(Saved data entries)
********
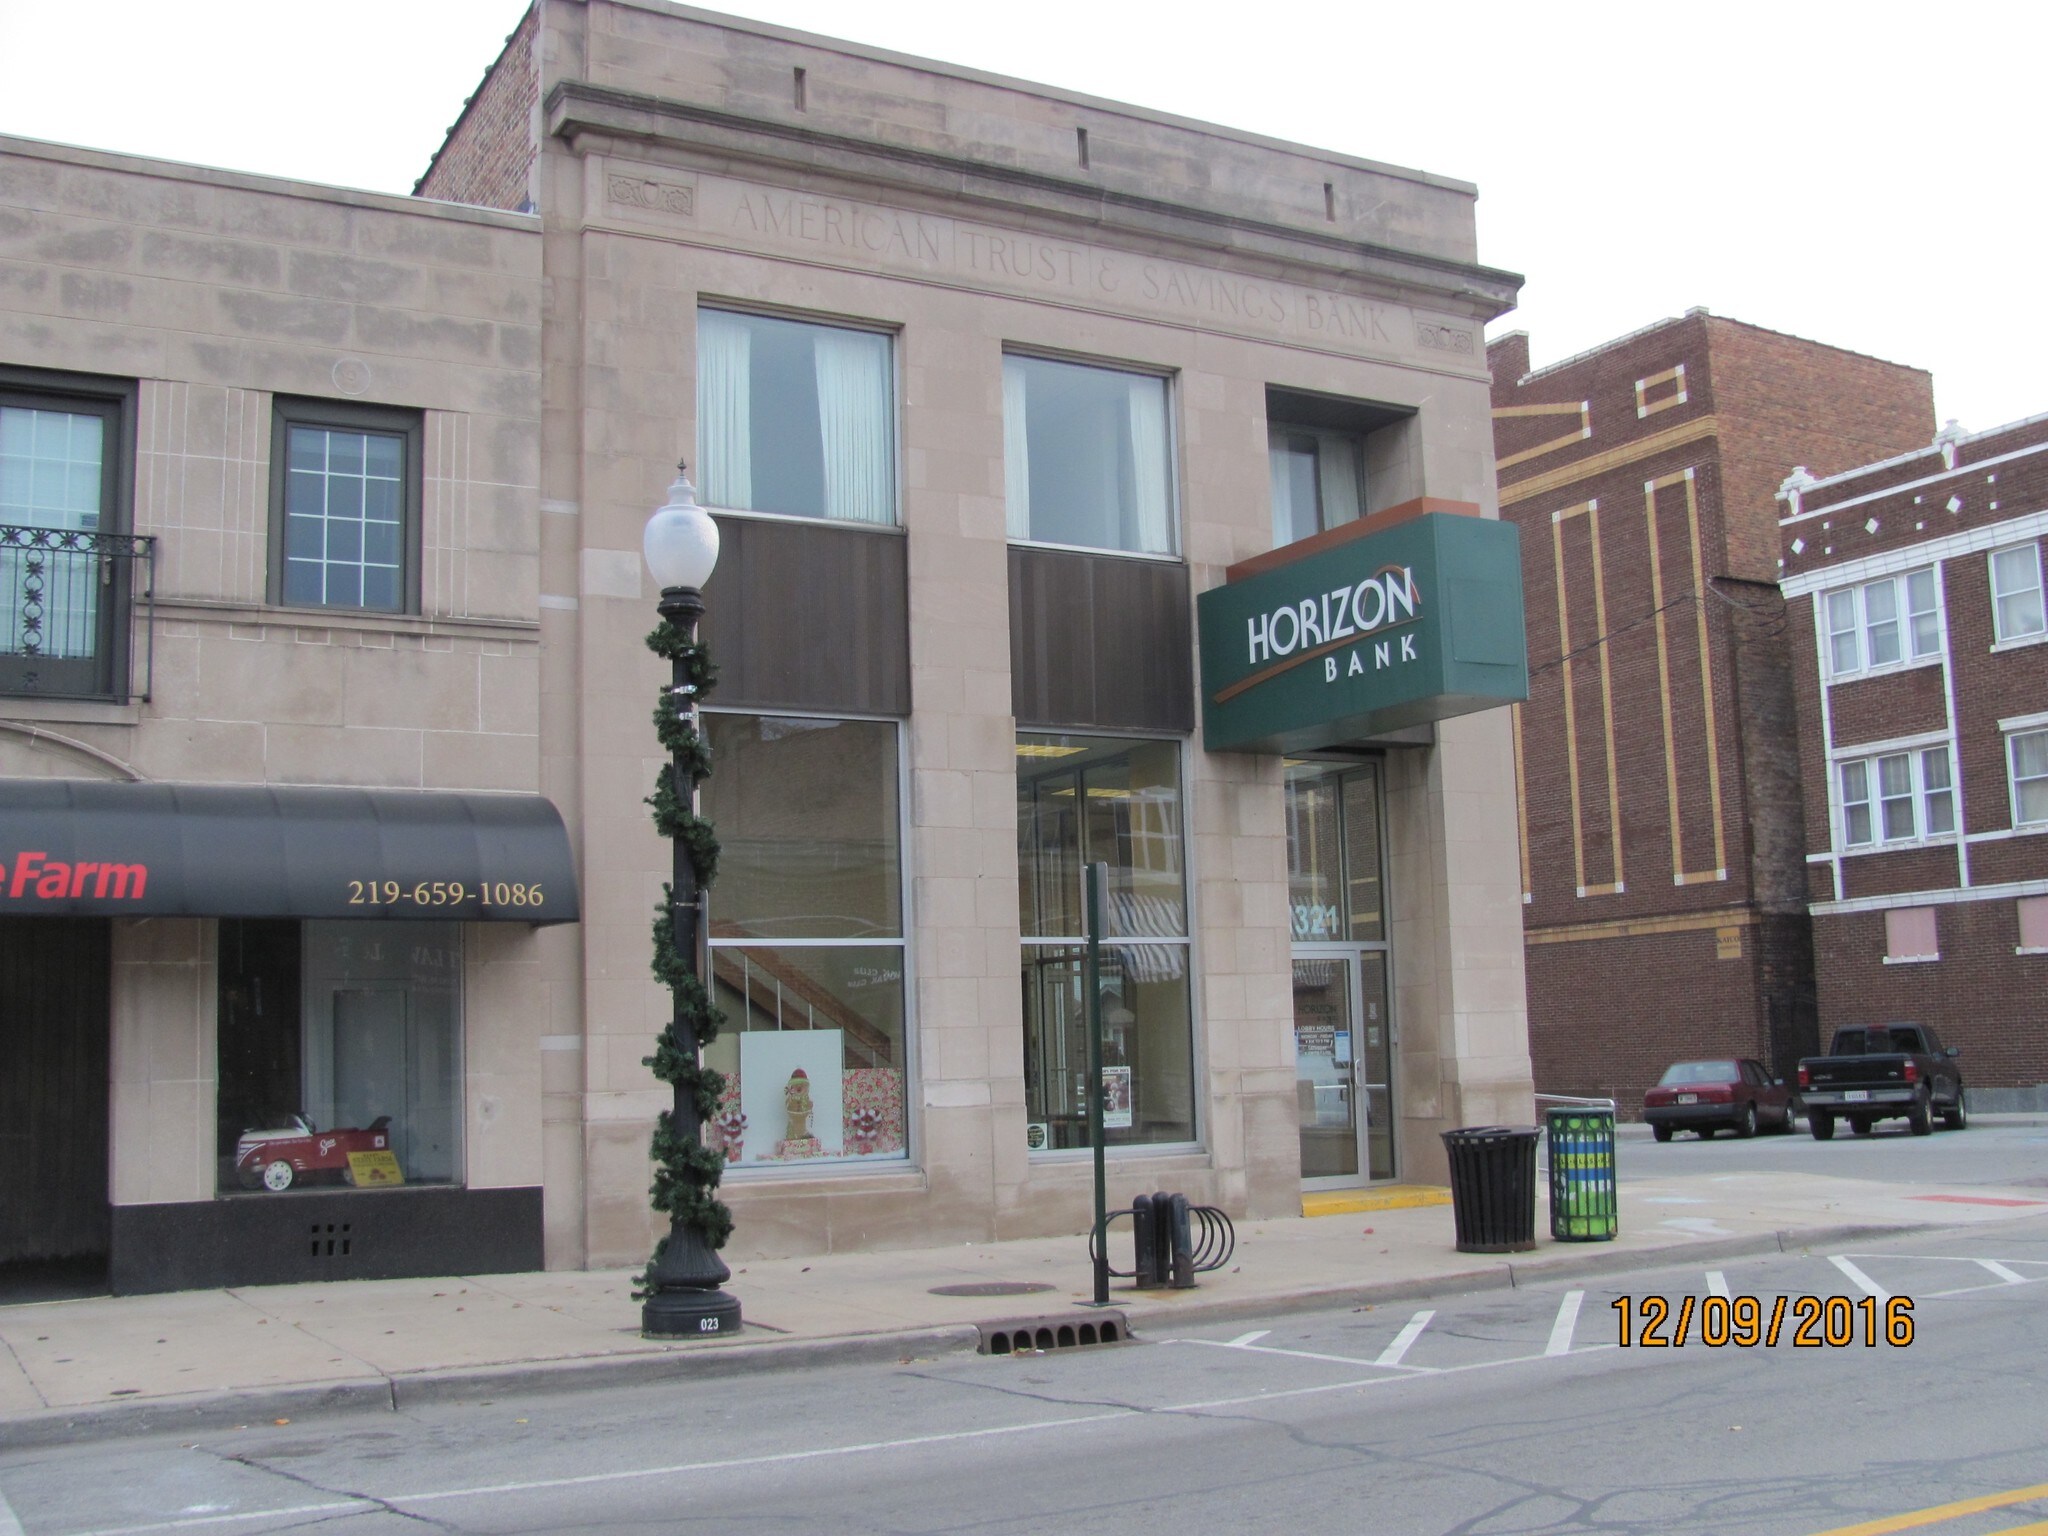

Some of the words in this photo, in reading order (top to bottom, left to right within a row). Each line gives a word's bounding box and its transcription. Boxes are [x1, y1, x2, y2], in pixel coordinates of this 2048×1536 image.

[732, 193, 940, 262] AMERICAN
[961, 230, 1081, 287] TRUST
[1098, 257, 1121, 292] &
[1142, 264, 1286, 323] SAVINGS
[1305, 294, 1390, 343] BANK
[1248, 567, 1414, 664] HORIZON
[1325, 634, 1417, 683] BANK
[9, 851, 148, 899] Farm
[348, 880, 545, 906] 219-659-1086
[1289, 905, 1337, 934] 321
[700, 1317, 719, 1330] 023
********
INSTRUCTIONS TO FOLLOW:
Each line of the records is to be reproduced exactly, and each picture dropped.

ANSWER SPACE:
Some of the words in this photo, in reading order (top to bottom, left to right within a row). Each line gives a word's bounding box and its transcription. Boxes are [x1, y1, x2, y2], in pixel coordinates of this 2048×1536 image.

[732, 193, 940, 262] AMERICAN
[961, 230, 1081, 287] TRUST
[1098, 257, 1121, 292] &
[1142, 264, 1286, 323] SAVINGS
[1305, 294, 1390, 343] BANK
[1248, 567, 1414, 664] HORIZON
[1325, 634, 1417, 683] BANK
[9, 851, 148, 899] Farm
[348, 880, 545, 906] 219-659-1086
[1289, 905, 1337, 934] 321
[700, 1317, 719, 1330] 023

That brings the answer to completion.